Psychosis in Pregnancy and the Postpartum: Webinar with dr. Marie Brown
Event Information
About this event
For everyone interested in feminist, psychosocial and psychonanalytic perspectives on psychosis during and after pregnancy, on Friday May 13th (in the international 'maternal mental health' month) the working group 'Te Gekke Moeders' (Mad Mothers) organizes in collaboration with the Dutch 'Foundation for Psychiatry and Philosophy' (Stichting Psychiatrie en Filosofie) and ISPS The Netherlands-Flanders a webinar with dr. Marie Brown.
Dr. Marie Brown is a clinical psychologist, former vice-president of ISPS-US, and co-founder of the Hearing Voices Netwerk NYC. Marie Brown edited Women & Psychosis: Multidisciplinary Perspectives (2019), Women and the Psychosocial Construction of Madness (2020), and Emancipatory Perspectives on Madness: Psychological, Social, and Spiritual Dimensions (2020). In the first-mentioned book she authored the chapter on postpartum psychosis titled 'Snakes in the crib'. Furthermore Brown authored many research articles and chapters on related topics. At the moment she is working on a book on psychosis and the female fertility cycle for the book series 'Women & Psychology'.
Marie Brown herself about her lecture:
Biomedical assumptions locate the source of postpartum psychosis within women’s bodies, suggesting that the physiological changes of childbirth 'cause' psychosis. Furthermore, 'master narratives' on postpartum psychosis emphasize risk and danger.
Feminist psychology has long critiqued biomedical explanations for women’s suffering (e.g. postnatal depression, PMS), as these frameworks obfuscate the role of socio-political and cultural oppression in women’s lives and cast the female body as inherently unstable (and therefore inferior to the male body). Similarly, critical voices within the 'psy' professions have challenged discriminatory notions of psychosis as equated with 'dangerousness' and 'violence'.

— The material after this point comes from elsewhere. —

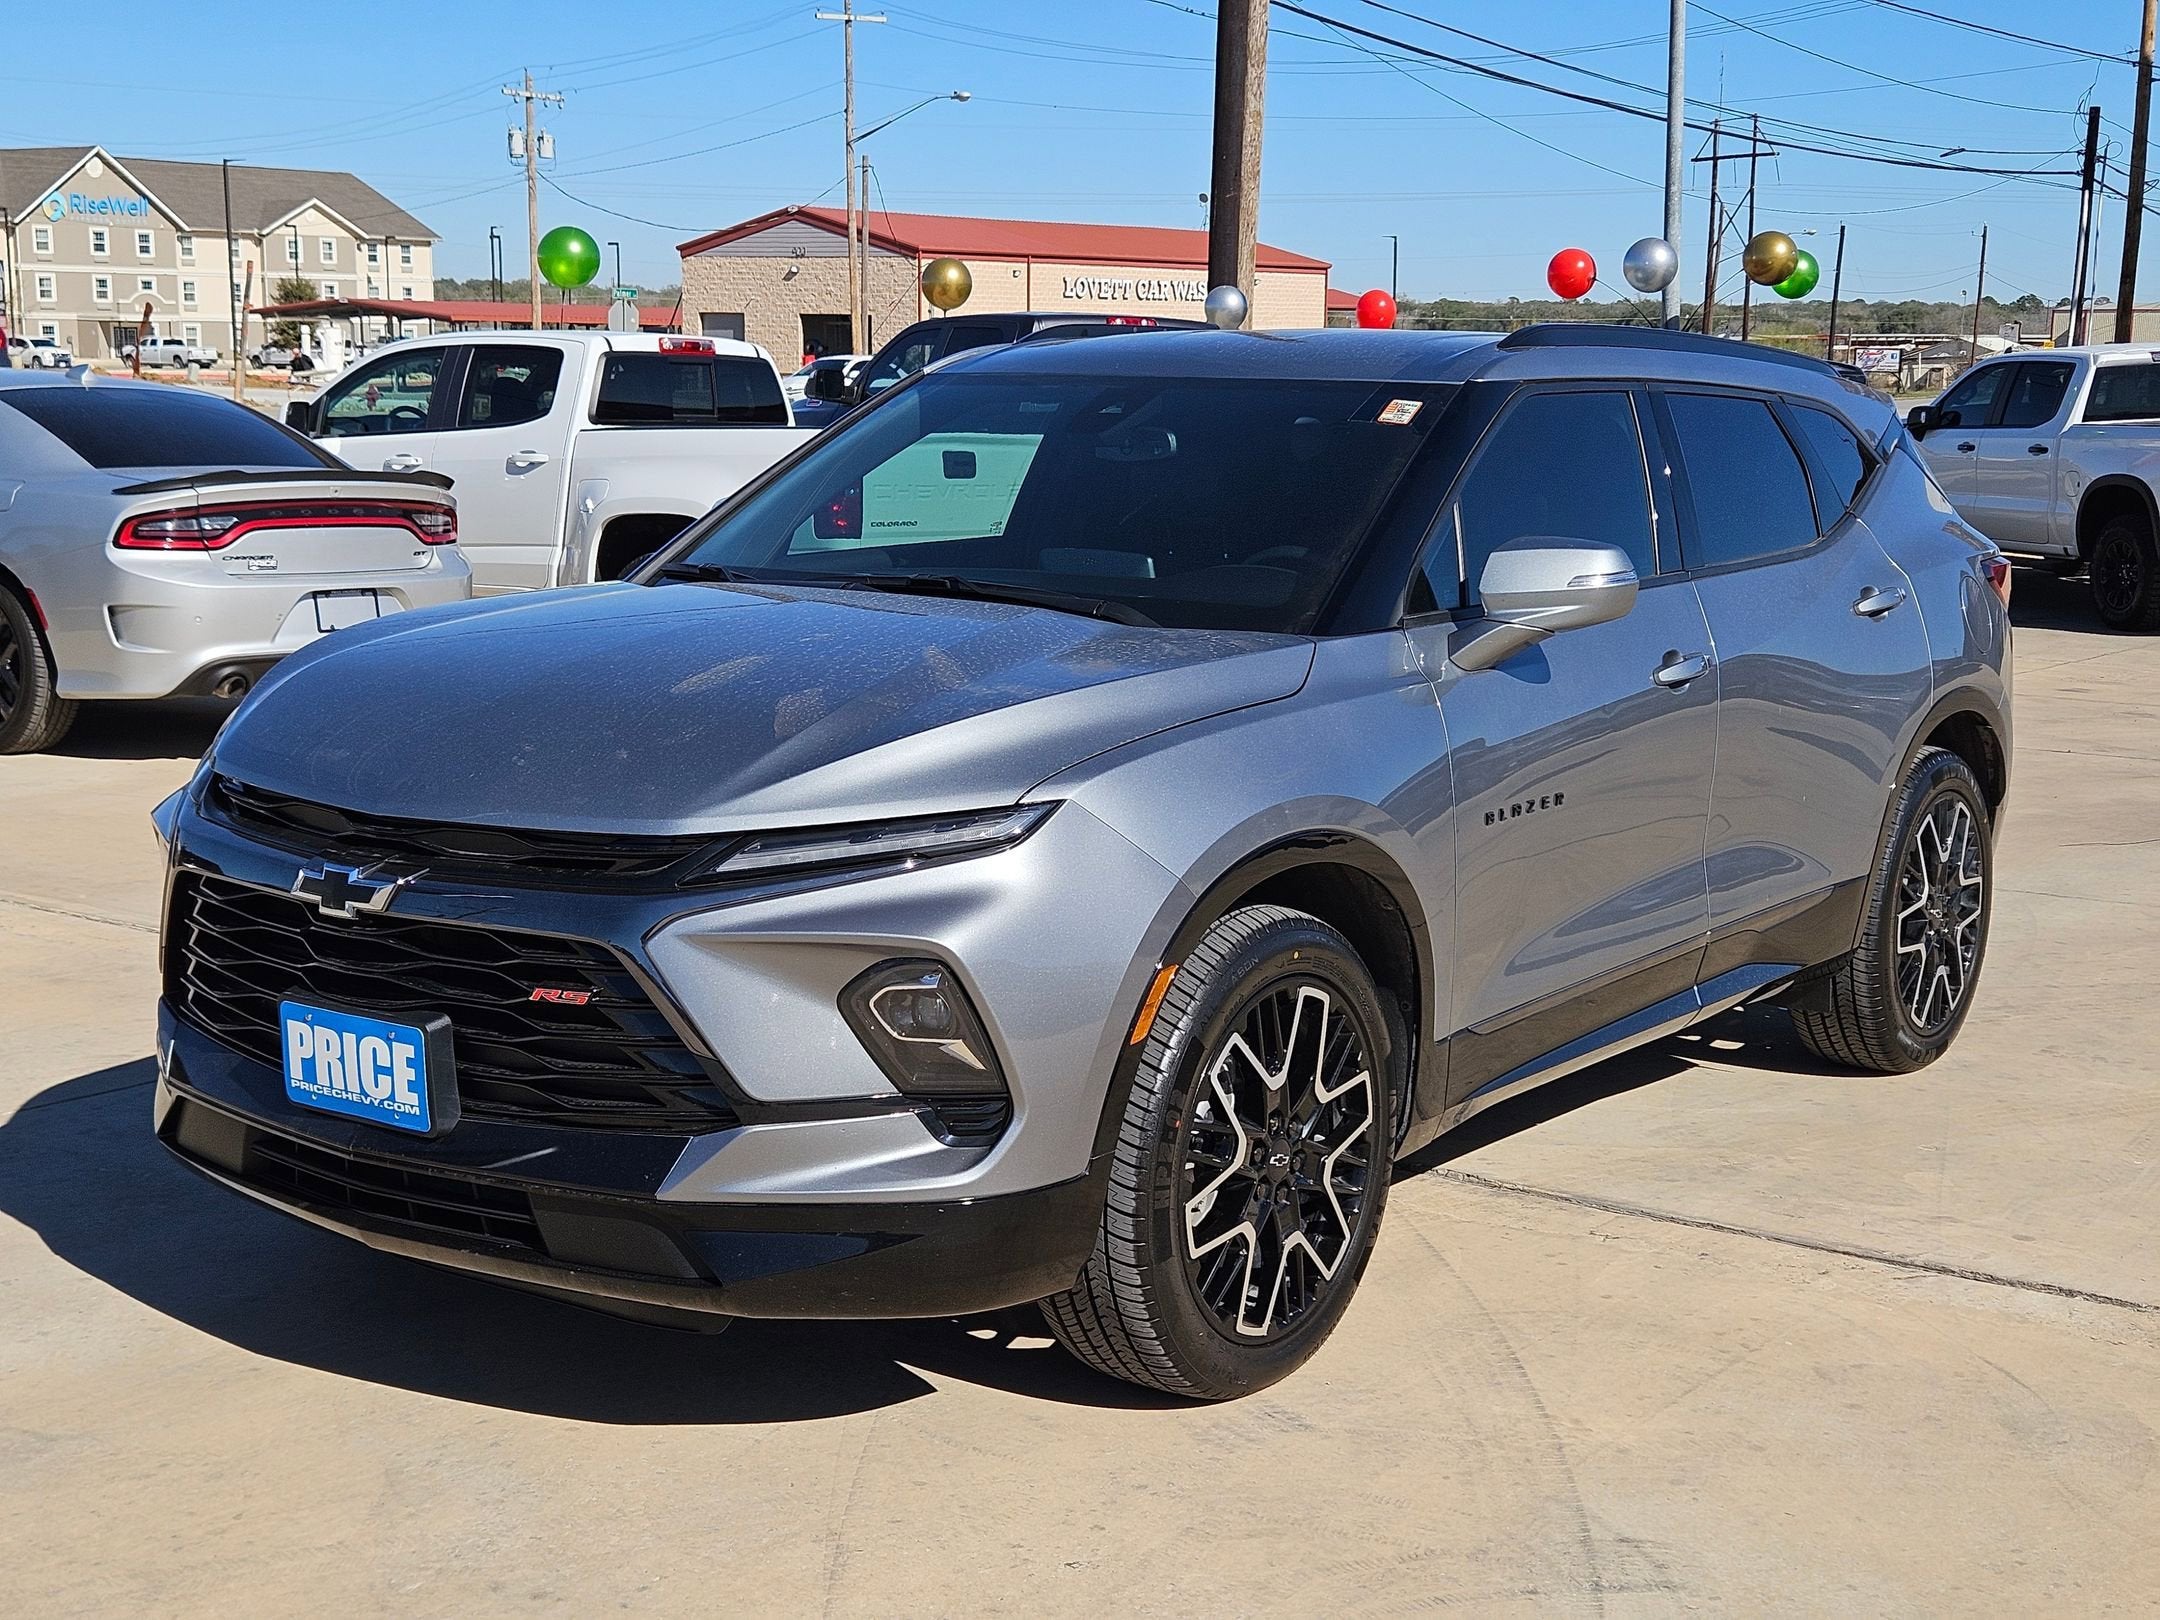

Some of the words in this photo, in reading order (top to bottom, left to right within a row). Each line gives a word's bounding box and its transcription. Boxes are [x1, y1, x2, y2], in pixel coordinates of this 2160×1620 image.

In keeping with these traditions, this talk will present a psychosocial and feminist critique of dominant narratives of postpartum psychosis. Postpartum psychosis will be understood as existing on a continuum with the radical changes that all women undergo during pregnancy and birth as they renegotiate their experience of themselves, their relationships to others, and to the world.
Postpartum psychosis is an experience that leads us to ask: how can one become a mother under patriarchal oppression?